Повесть временных лет
Джен
Завершён
PG-13
Холодное солнце
автор
Пэйринг и персонажи
Описание
– Ты врал мне. – Ты был ребёнком, Миша. Детям всегда врут.
Примечания
1) OOC действительно жёсткий 2) Странные хэды (которые никто не просил) 3)Давайте все дружненько представим этих персонажей как отдельных личностей, не связанных с сегодняшней напряжённой политической обстановкой между странами, автор сохраняет нейтралитет в этом всём, всех тьмок, кисеньки ^-^ 4) Фанфик попытался раскрыть развитие братских отношений между этими персами, не влезая в Никакую Политику и проч. Ок?
Посвящение
Милому и очень креативному автору этих персов – Миори – https://vk.com/miorisevakka И моему золотому редактору-персику, который всегда вычитывает мой текст по сорок раз, с разницей в одно-два предложения и не устаёт поддерживать меня (поэтому я поддержу её, чем смогу) – https://vk.com/peachebopublic
Отзывы

Часть 1

Мороз впитывался в кожу, забирал остатки сил из ослабшего тела. Миша даже не дрожит – его тело будто сдалось и покорно отдалось власти лютых ветров, окутавших Москву с конца декабря.
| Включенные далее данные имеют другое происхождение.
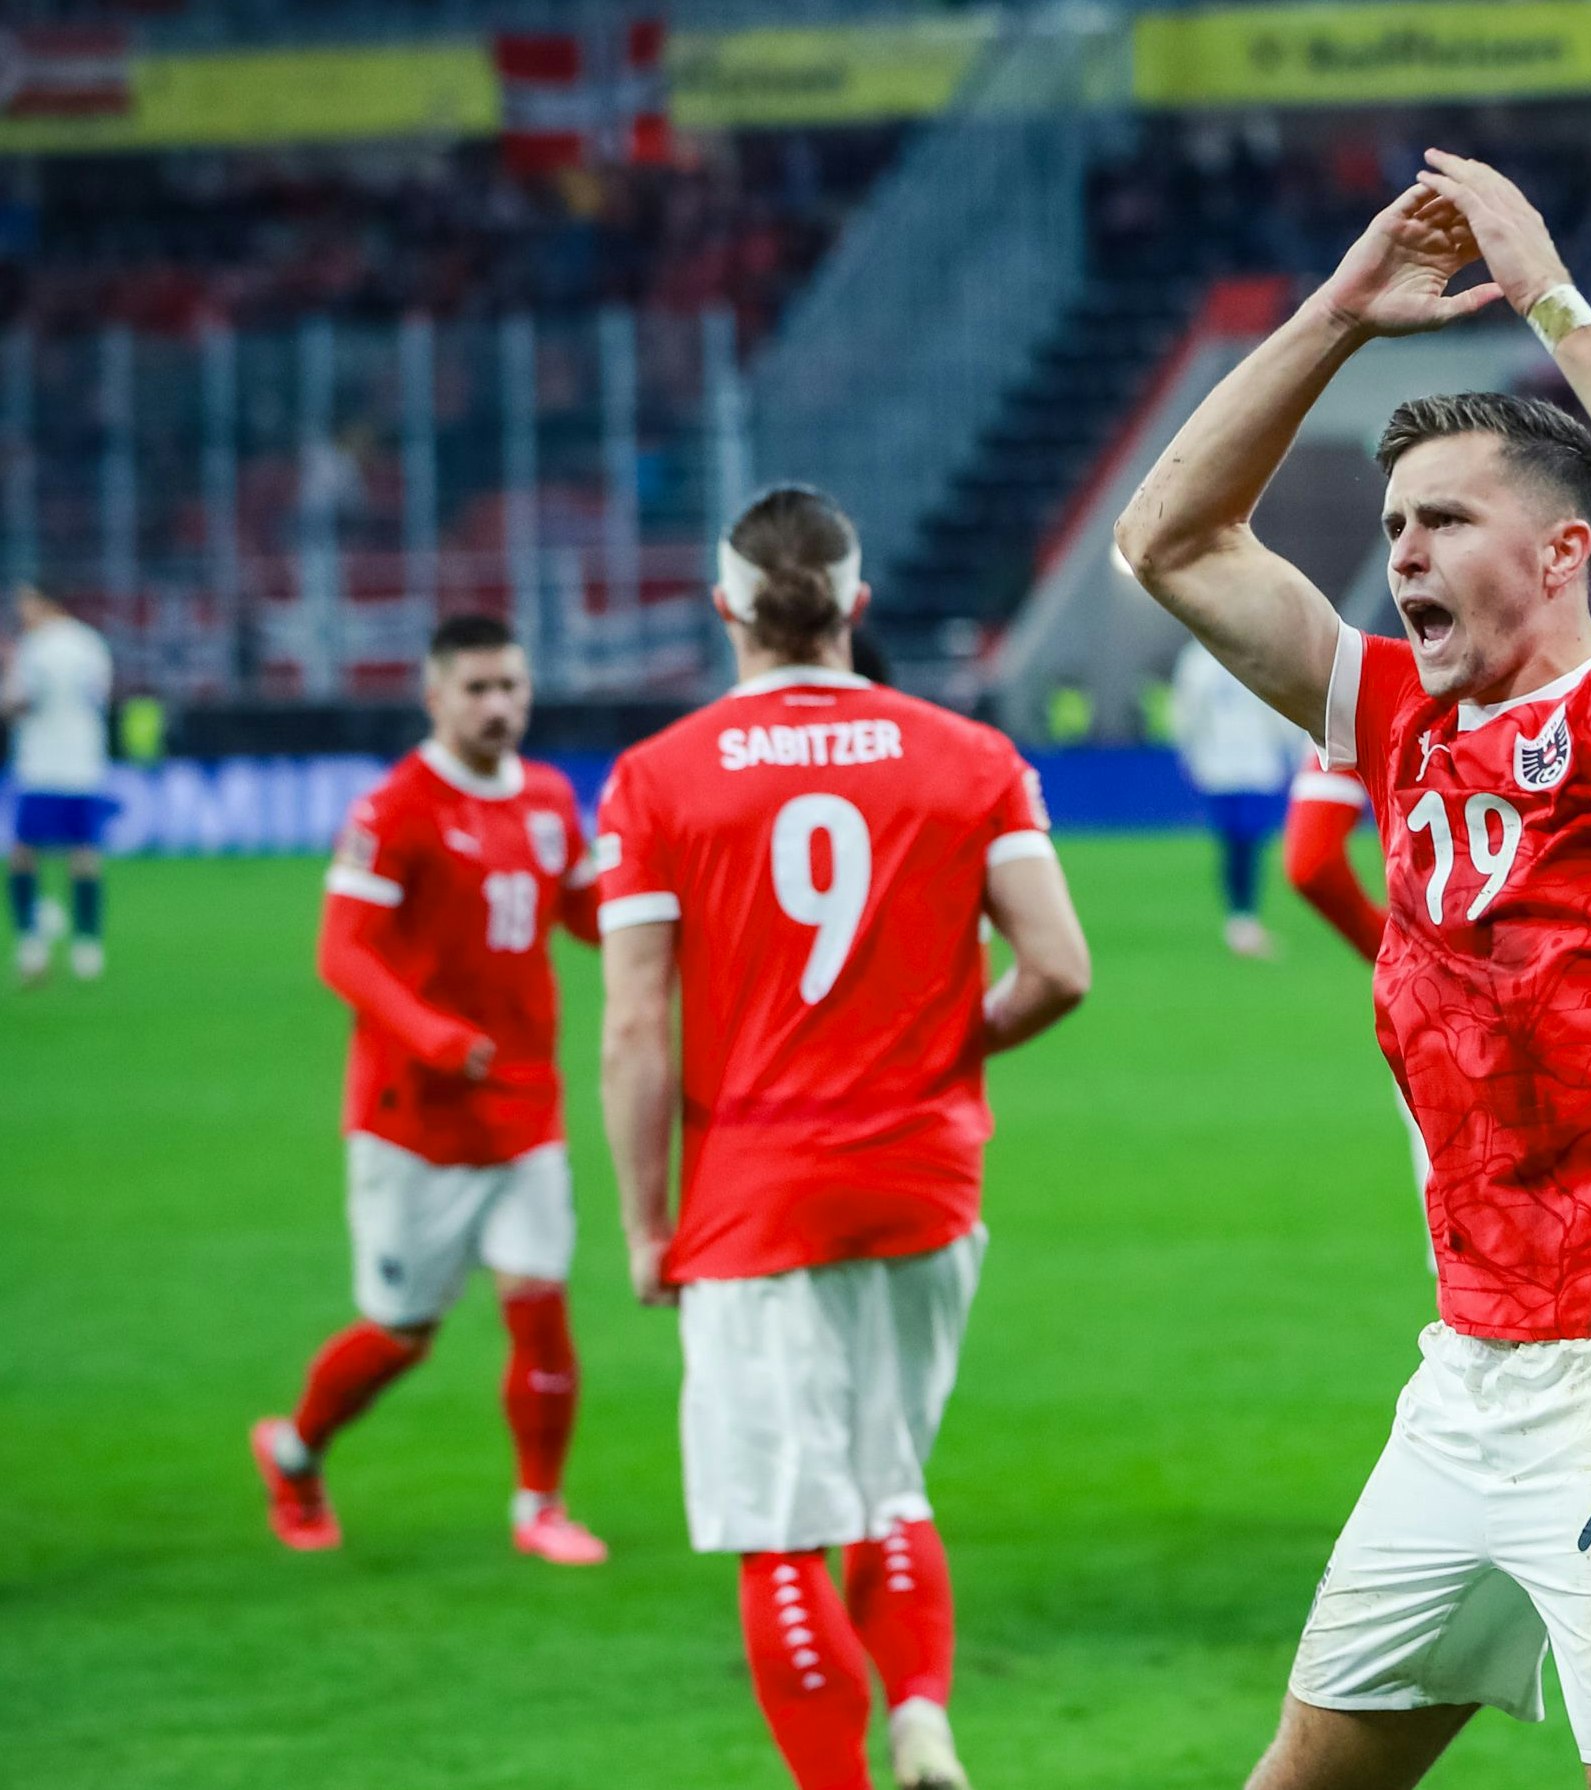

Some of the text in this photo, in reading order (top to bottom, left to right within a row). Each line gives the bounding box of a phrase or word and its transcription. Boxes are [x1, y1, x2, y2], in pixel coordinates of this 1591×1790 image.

[717, 719, 903, 771] SABITZER
[771, 792, 872, 1005] 9
[1406, 790, 1522, 925] 19
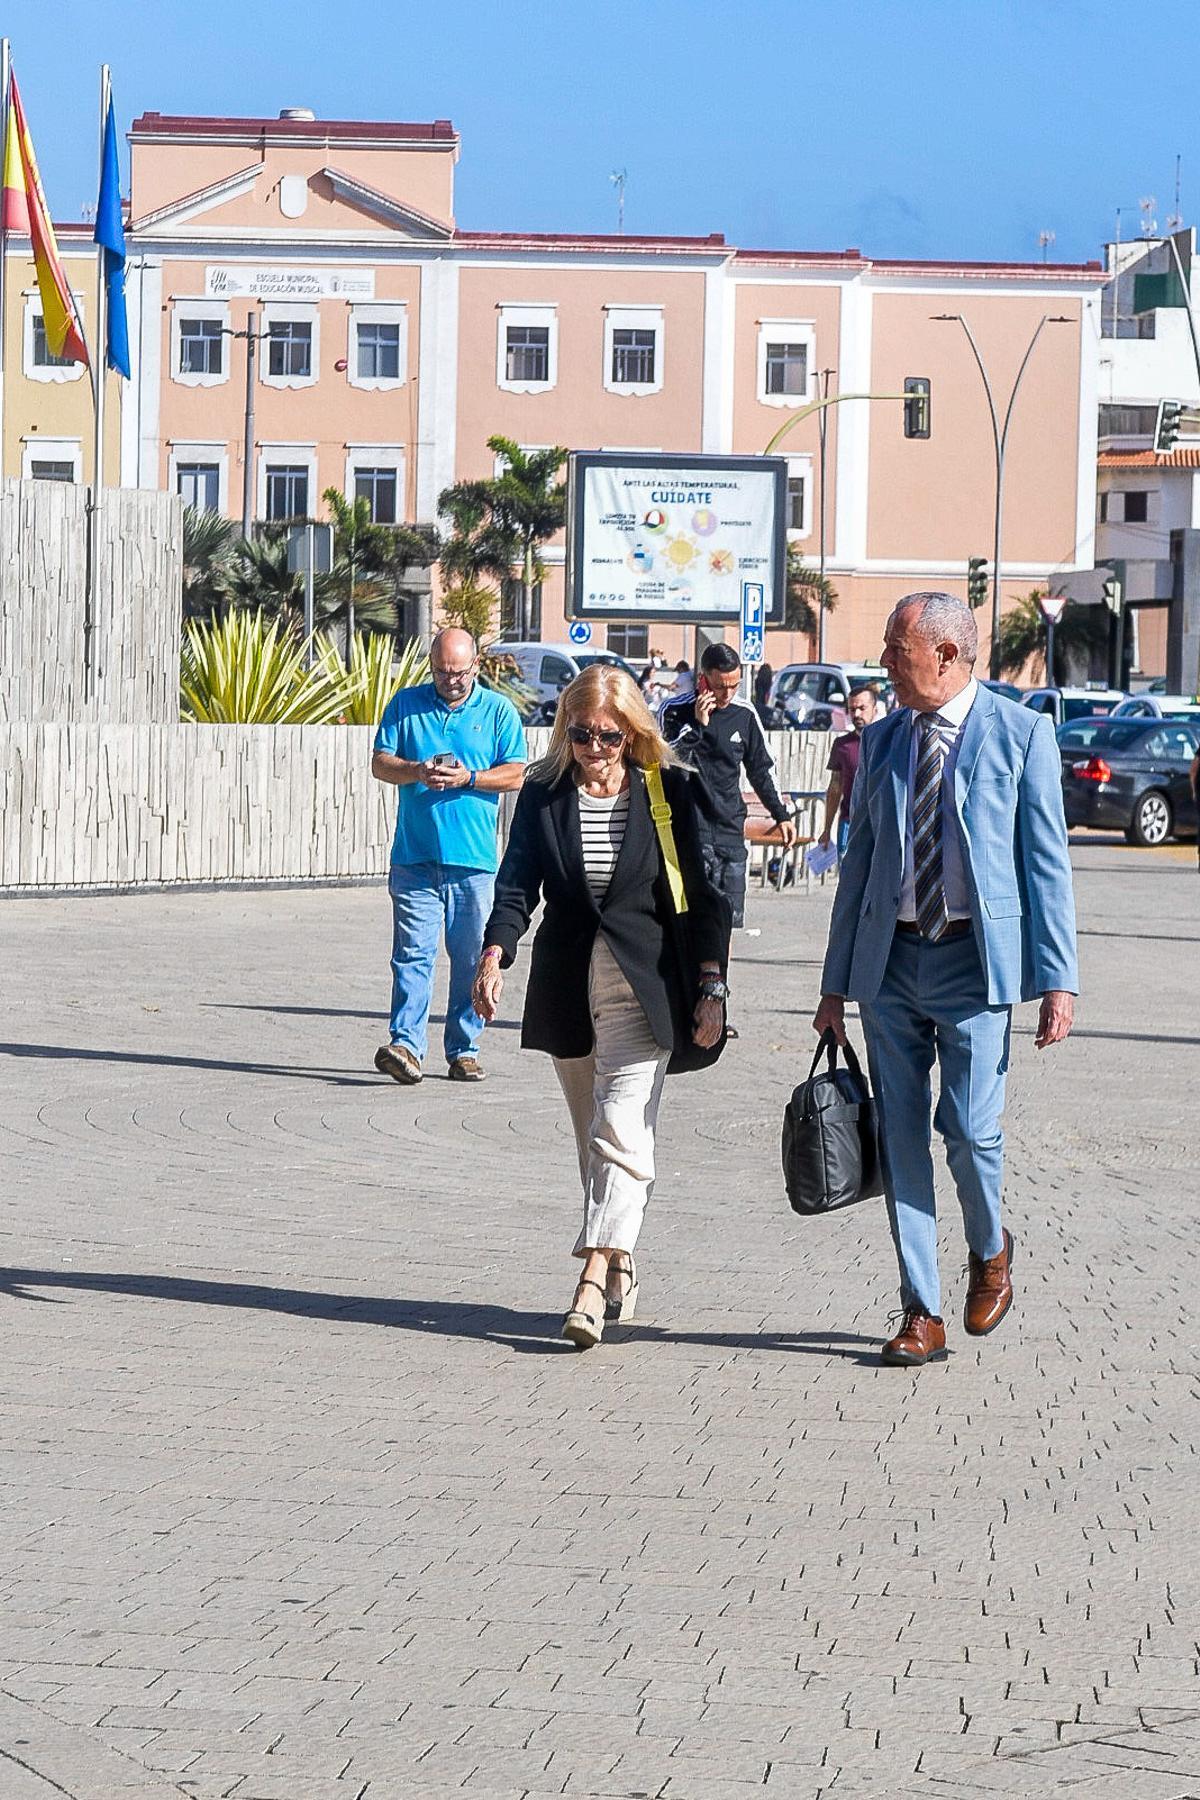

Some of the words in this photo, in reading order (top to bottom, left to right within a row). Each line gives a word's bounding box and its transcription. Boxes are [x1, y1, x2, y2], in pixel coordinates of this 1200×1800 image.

[256, 273, 284, 283] ESCUELA
[287, 274, 320, 284] MUNICIPAL
[298, 284, 325, 294] MUSICAL
[658, 480, 679, 488] ALTAS
[747, 588, 761, 622] P
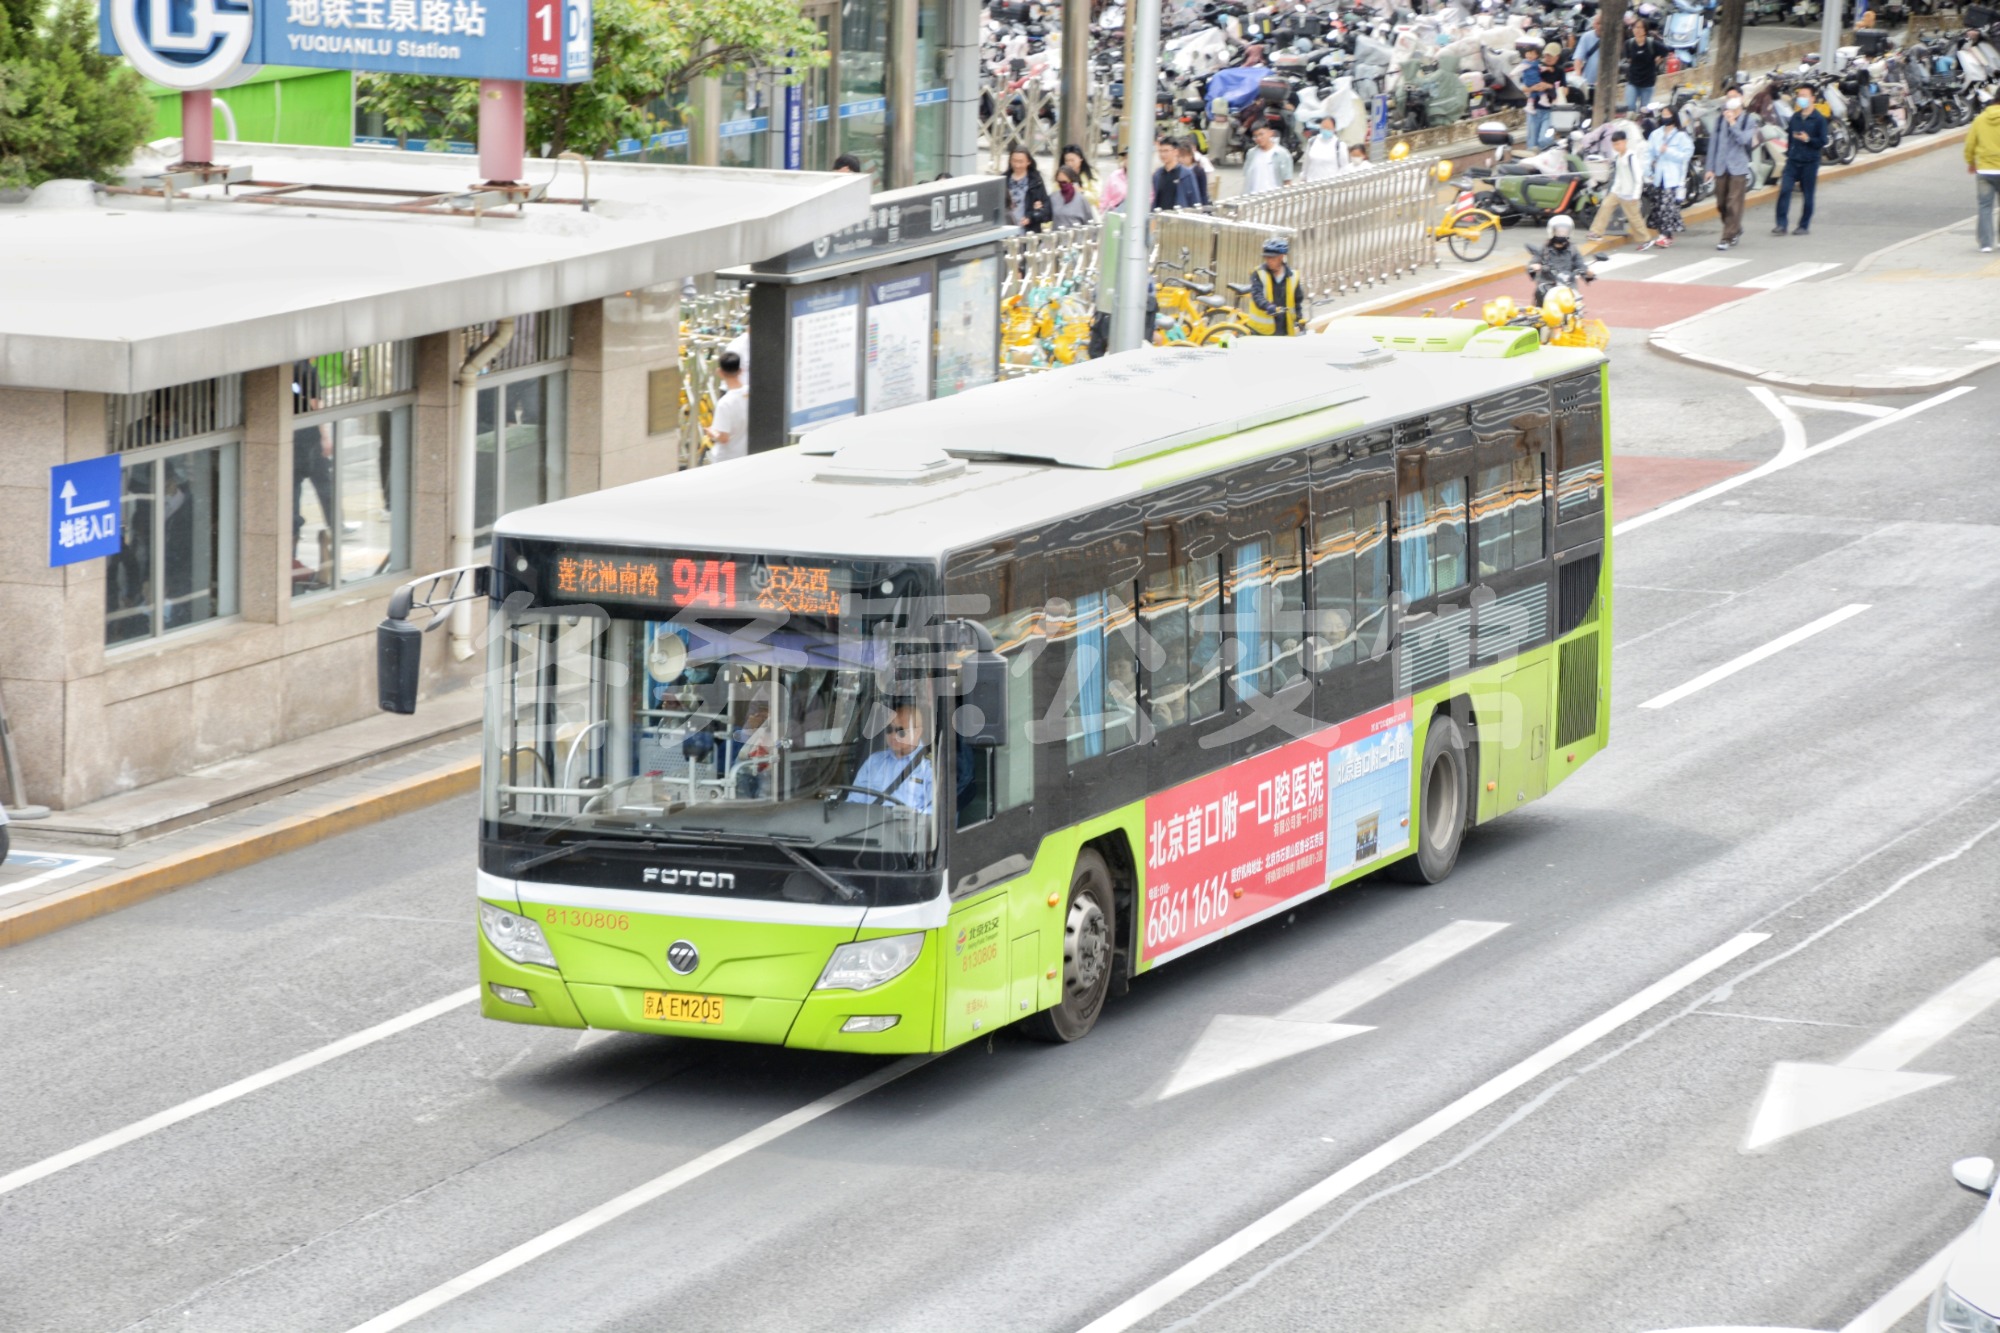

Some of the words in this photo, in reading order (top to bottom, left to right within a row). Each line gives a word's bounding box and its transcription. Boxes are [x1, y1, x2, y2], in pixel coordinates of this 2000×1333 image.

[287, 0, 488, 37] 地铁玉泉路站
[534, 4, 551, 41] 1
[287, 34, 392, 55] YUQUANLU
[397, 41, 461, 59] Station
[59, 513, 116, 548] 地铁入口
[558, 557, 659, 596] 莲花池南路
[672, 558, 736, 608] 941
[767, 565, 831, 593] 石龙西
[1149, 757, 1324, 870] 北京首口附一口腔医院
[546, 907, 630, 931] 8130806
[969, 916, 999, 940] 北京公交
[962, 943, 997, 973] 8130806
В этом году зима была воистину злая и голодная, такая, которую он переживал очень редко, но всегда тяжело. Мальчик уткнулся своим ледяным носиком в колени, вжавшись спиной в угол с едва ли тёплой печкой и тихо подвывал в такт ветру. Боялся, что его вой кто-то да услышит. Не положено городу его возраста скулить, как дитю годовалому. Ему как-никак уже сто лет минуло, на вид так и не отличишь от крепкого девятилетнего парня. Холод ли тому виной? Одиночество покинутого всеми дома или же раскрошившаяся на тысячи кусочков надежда... ...на то, что холод охладит его ожоги. Силой заставлял он себя смолкнуть. Слёзы то и дело обжигали глаза, но сразу впитывались в грубые холщовые штаны. Мокрые пятна тут же становились неприятно холодными, от чего хотелось выть ещё громче. Холодно. А сильнее холода была только эта нестерпимая

боль.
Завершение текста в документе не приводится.